Content starts

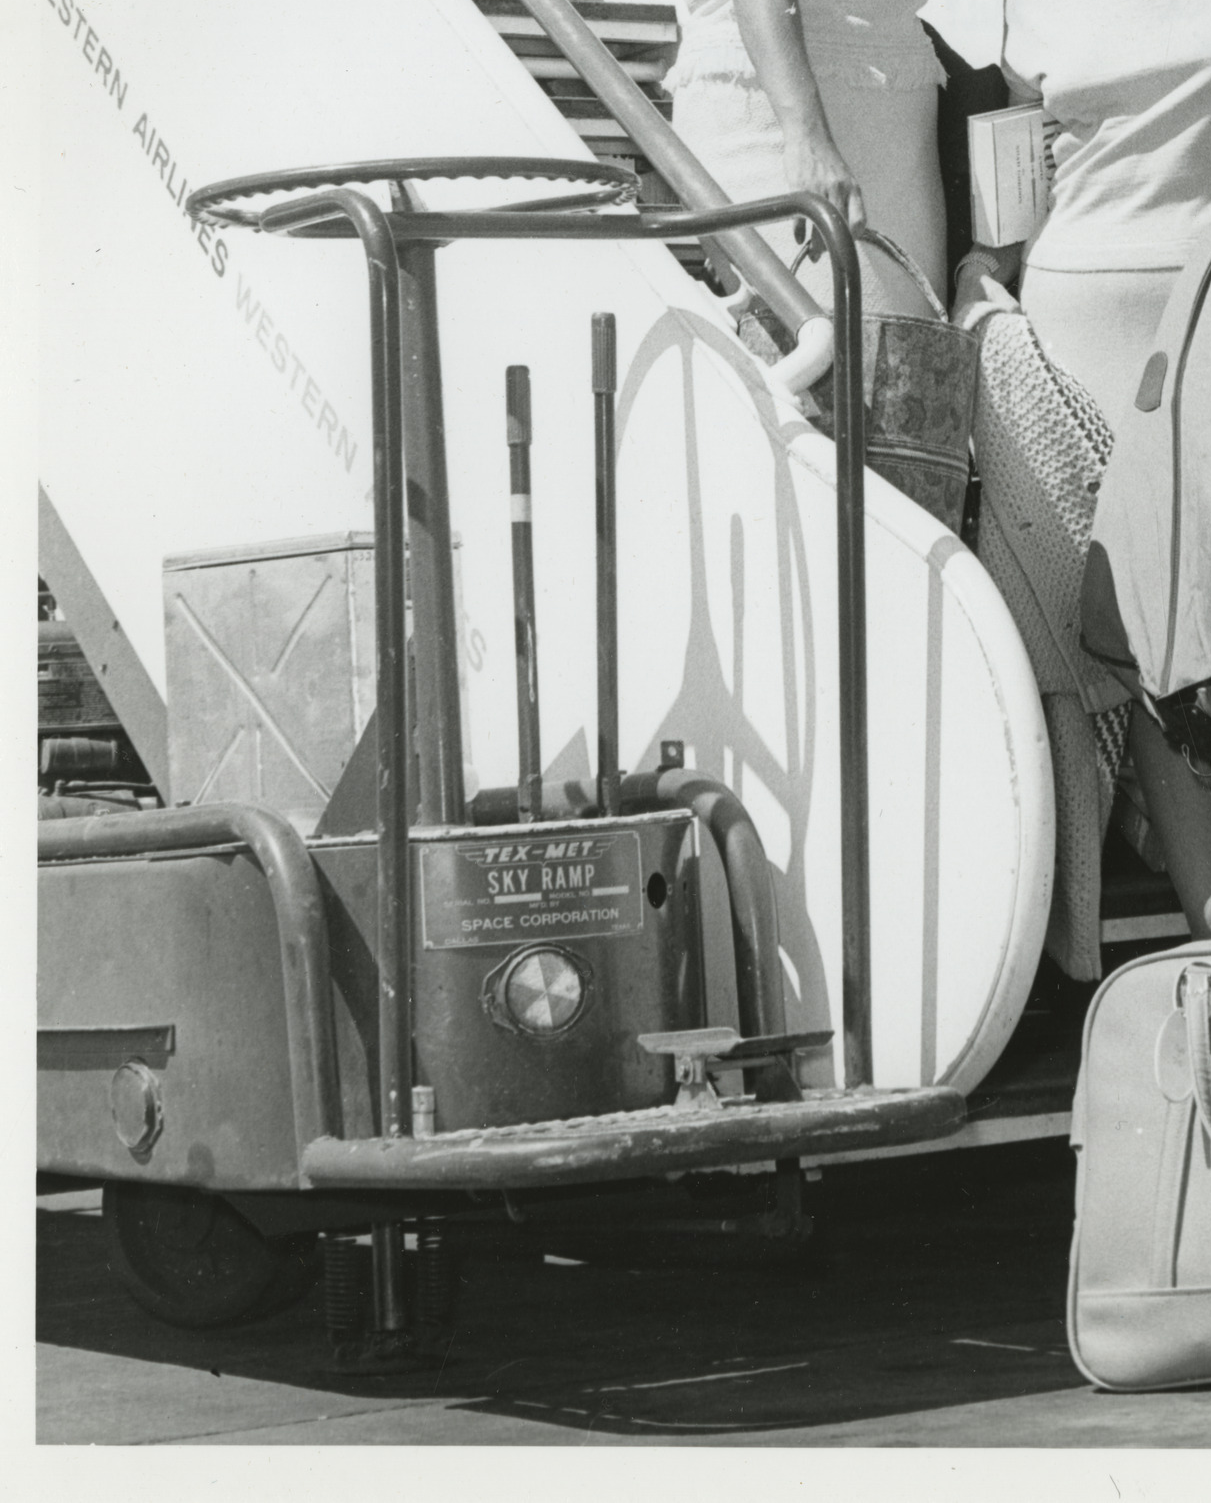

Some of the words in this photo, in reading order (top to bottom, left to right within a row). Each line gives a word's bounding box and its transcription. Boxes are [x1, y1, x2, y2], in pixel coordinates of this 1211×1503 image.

[234, 272, 359, 475] WESTERN
[484, 841, 594, 863] TEX-MET
[487, 868, 529, 894] SKY
[542, 864, 595, 890] RAMP
[461, 916, 514, 932] SPACE
[519, 908, 620, 927] CORPORATION
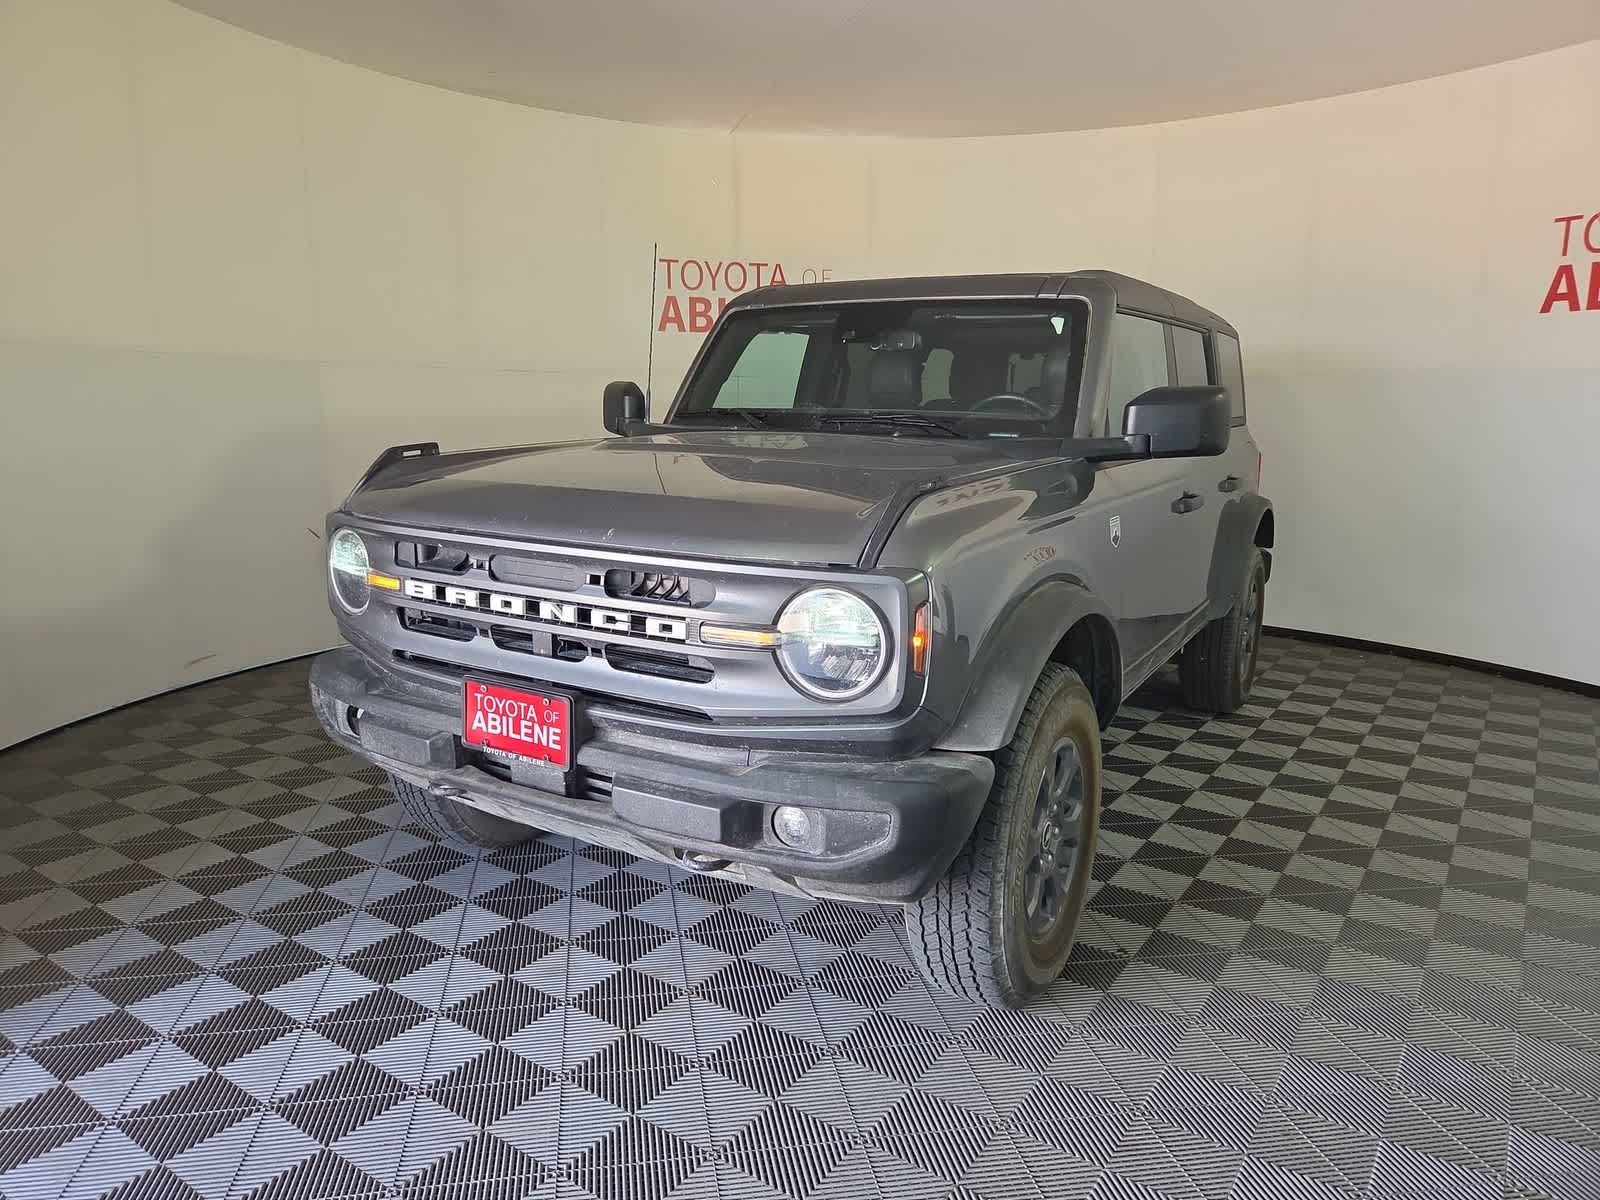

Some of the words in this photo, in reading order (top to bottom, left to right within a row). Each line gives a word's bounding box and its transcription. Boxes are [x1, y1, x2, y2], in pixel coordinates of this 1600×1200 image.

[658, 258, 788, 293] TOYOTA
[801, 268, 833, 285] OF
[403, 578, 690, 641] BRONCO
[474, 692, 538, 723] TOYOTA
[543, 709, 560, 723] OF
[471, 710, 562, 751] ABILENE
[482, 745, 506, 757] TOYOTA
[508, 752, 518, 760] OF
[519, 755, 545, 767] ABILENE
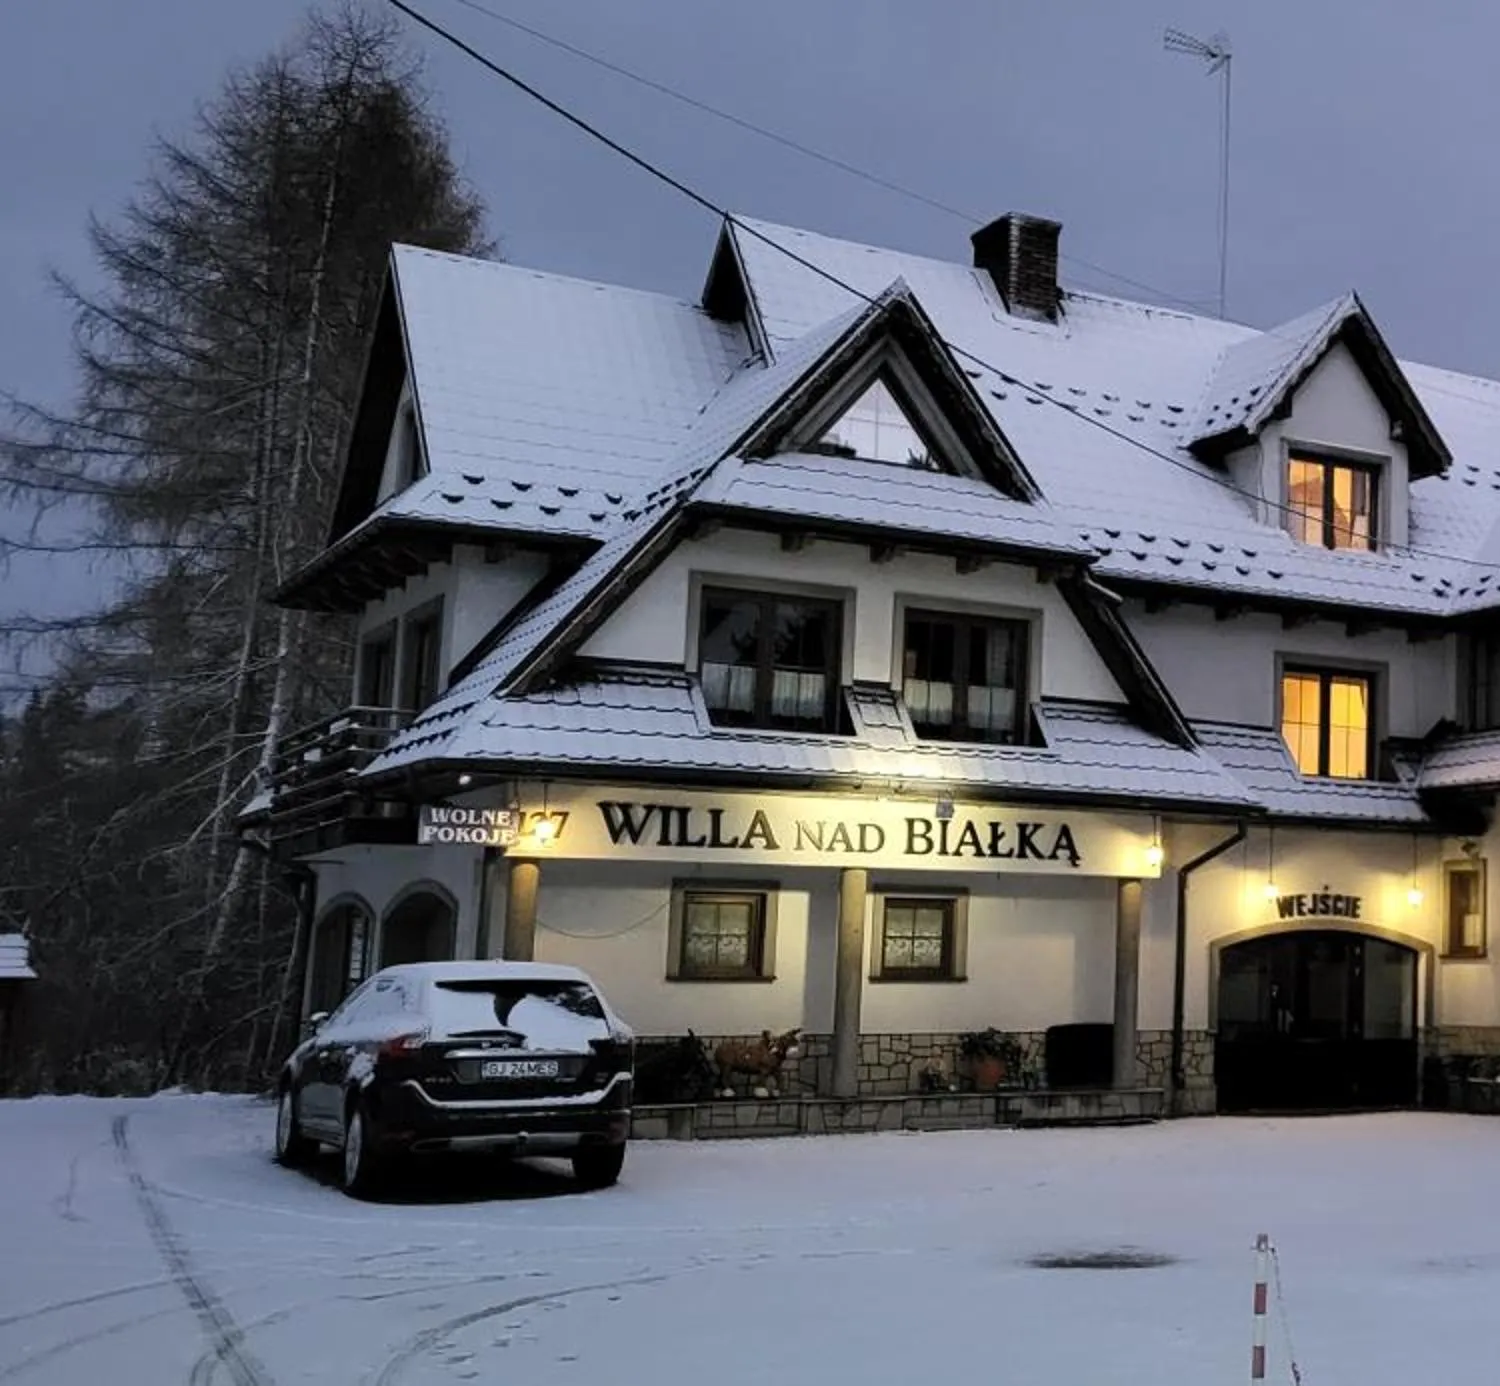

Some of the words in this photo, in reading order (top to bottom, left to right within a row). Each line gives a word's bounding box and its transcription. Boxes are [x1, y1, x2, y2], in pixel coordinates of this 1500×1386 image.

[430, 807, 512, 826] WOLNE
[423, 825, 516, 845] POKOJE
[597, 801, 780, 850] WILLA
[794, 819, 886, 853] NAD
[904, 817, 1082, 867] BIAŁKĄ
[1276, 884, 1362, 918] WEJŚCIE
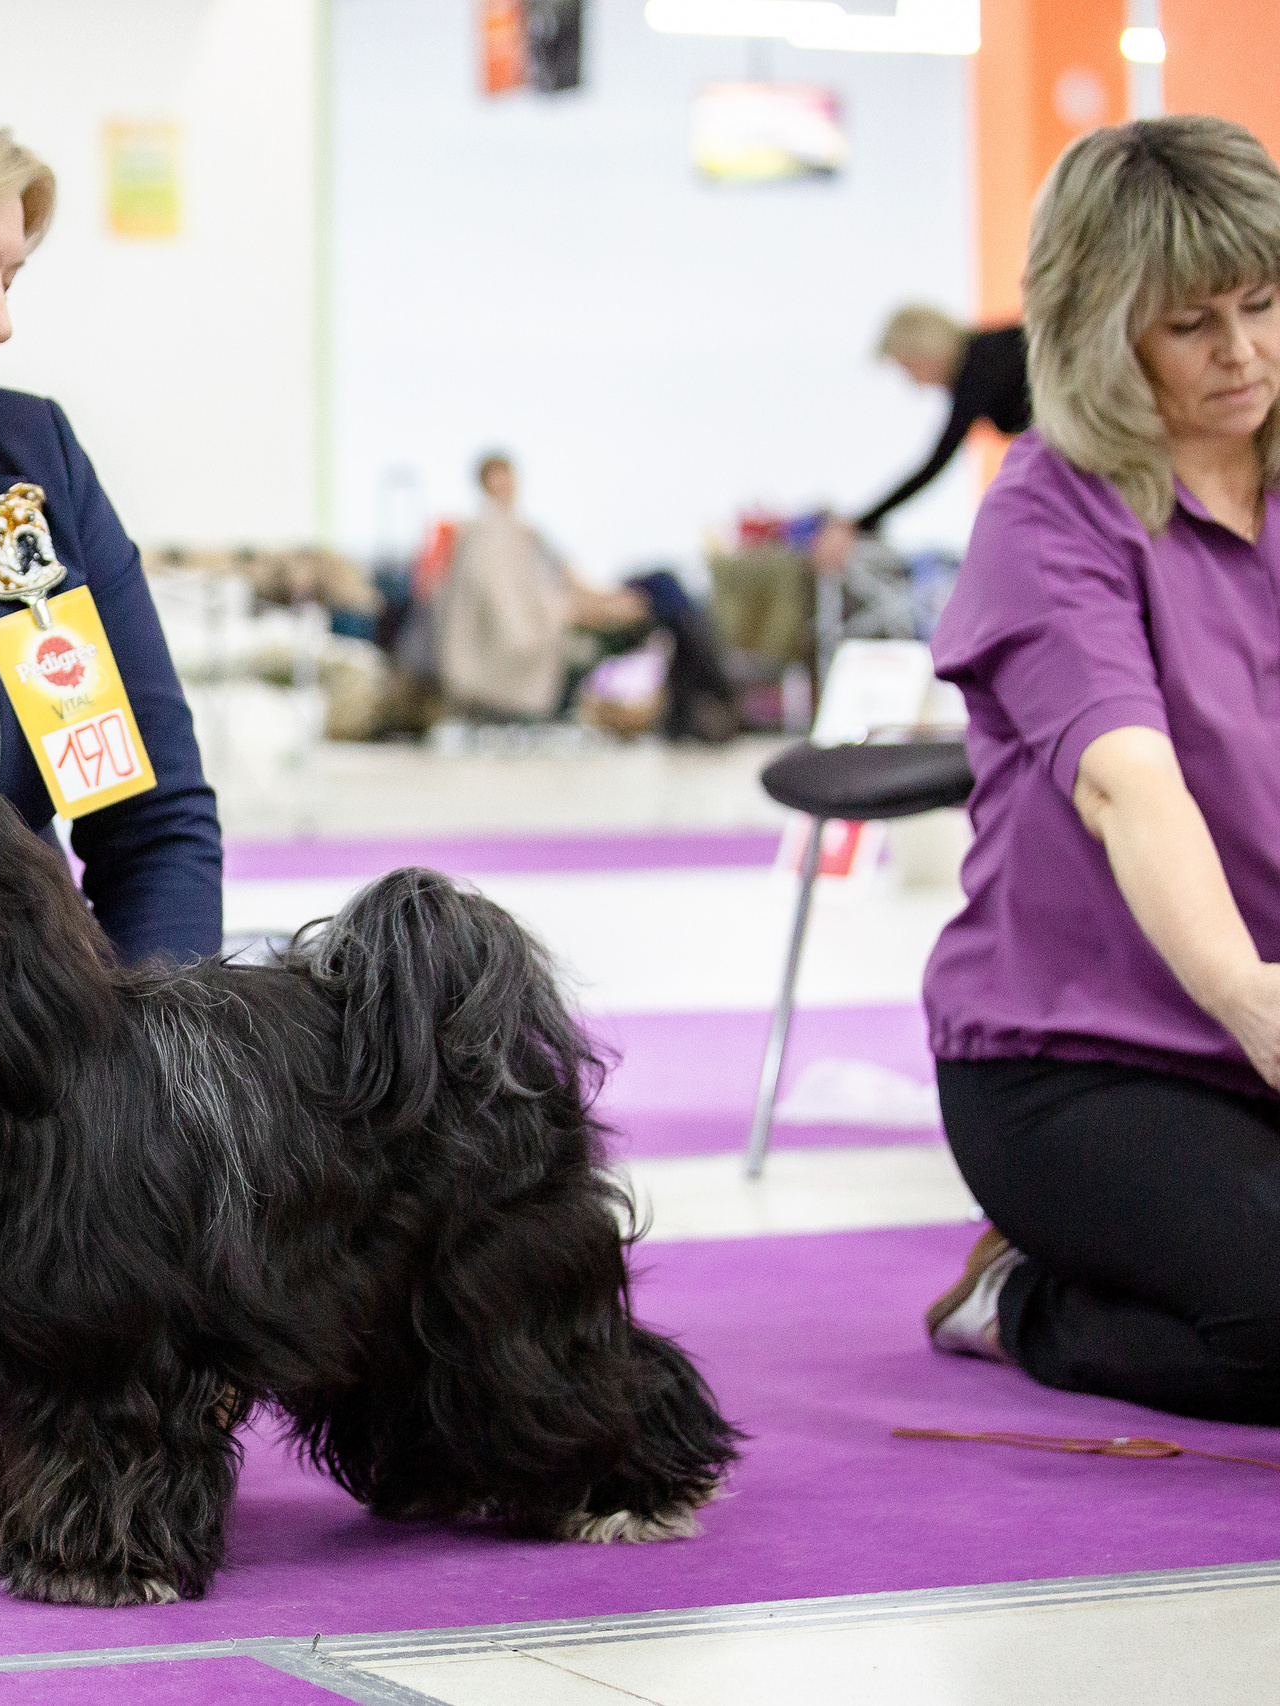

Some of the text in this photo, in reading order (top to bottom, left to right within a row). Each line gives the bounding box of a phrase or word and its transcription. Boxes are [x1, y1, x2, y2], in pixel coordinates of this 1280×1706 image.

[15, 642, 97, 684] Pedigree
[52, 694, 93, 720] VITAL
[57, 713, 134, 789] 190

Content ends

An exact transcript of the listing is needed, free of pictures.

§ EXERCISE SOLUTION
Some of the words in this photo, in reading order (top to bottom, left to right within a row). Each line gives a word's bounding box and its transcription. Boxes are [x1, y1, x2, y2], in pixel coordinates of this 1211×1503 image.

[234, 272, 359, 475] WESTERN
[484, 841, 594, 863] TEX-MET
[487, 868, 529, 894] SKY
[542, 864, 595, 890] RAMP
[461, 916, 514, 932] SPACE
[519, 908, 620, 927] CORPORATION

Some of the words in this photo, in reading order (top to bottom, left to right within a row). Each line gives a word's bounding box and its transcription. Boxes are [x1, y1, x2, y2], in pixel coordinates of this 1600×1200 image.

[658, 258, 788, 293] TOYOTA
[801, 268, 833, 285] OF
[403, 578, 690, 641] BRONCO
[474, 692, 538, 723] TOYOTA
[543, 709, 560, 723] OF
[471, 710, 562, 751] ABILENE
[482, 745, 506, 757] TOYOTA
[508, 752, 518, 760] OF
[519, 755, 545, 767] ABILENE

Some of the words in this photo, in reading order (top to bottom, left to right within a row). Each line gives a word's bounding box and its transcription. Boxes are [x1, y1, x2, y2], in pixel coordinates of this 1500×1386 image.

[430, 807, 512, 826] WOLNE
[423, 825, 516, 845] POKOJE
[597, 801, 780, 850] WILLA
[794, 819, 886, 853] NAD
[904, 817, 1082, 867] BIAŁKĄ
[1276, 884, 1362, 918] WEJŚCIE

Some of the text in this photo, in reading order (top to bottom, left to right within a row). Each line gives the bounding box of a phrase or word and its transcription. Boxes are [x1, y1, x2, y2], in pixel coordinates of this 1280×1706 image.

[15, 642, 97, 684] Pedigree
[52, 694, 93, 720] VITAL
[57, 713, 134, 789] 190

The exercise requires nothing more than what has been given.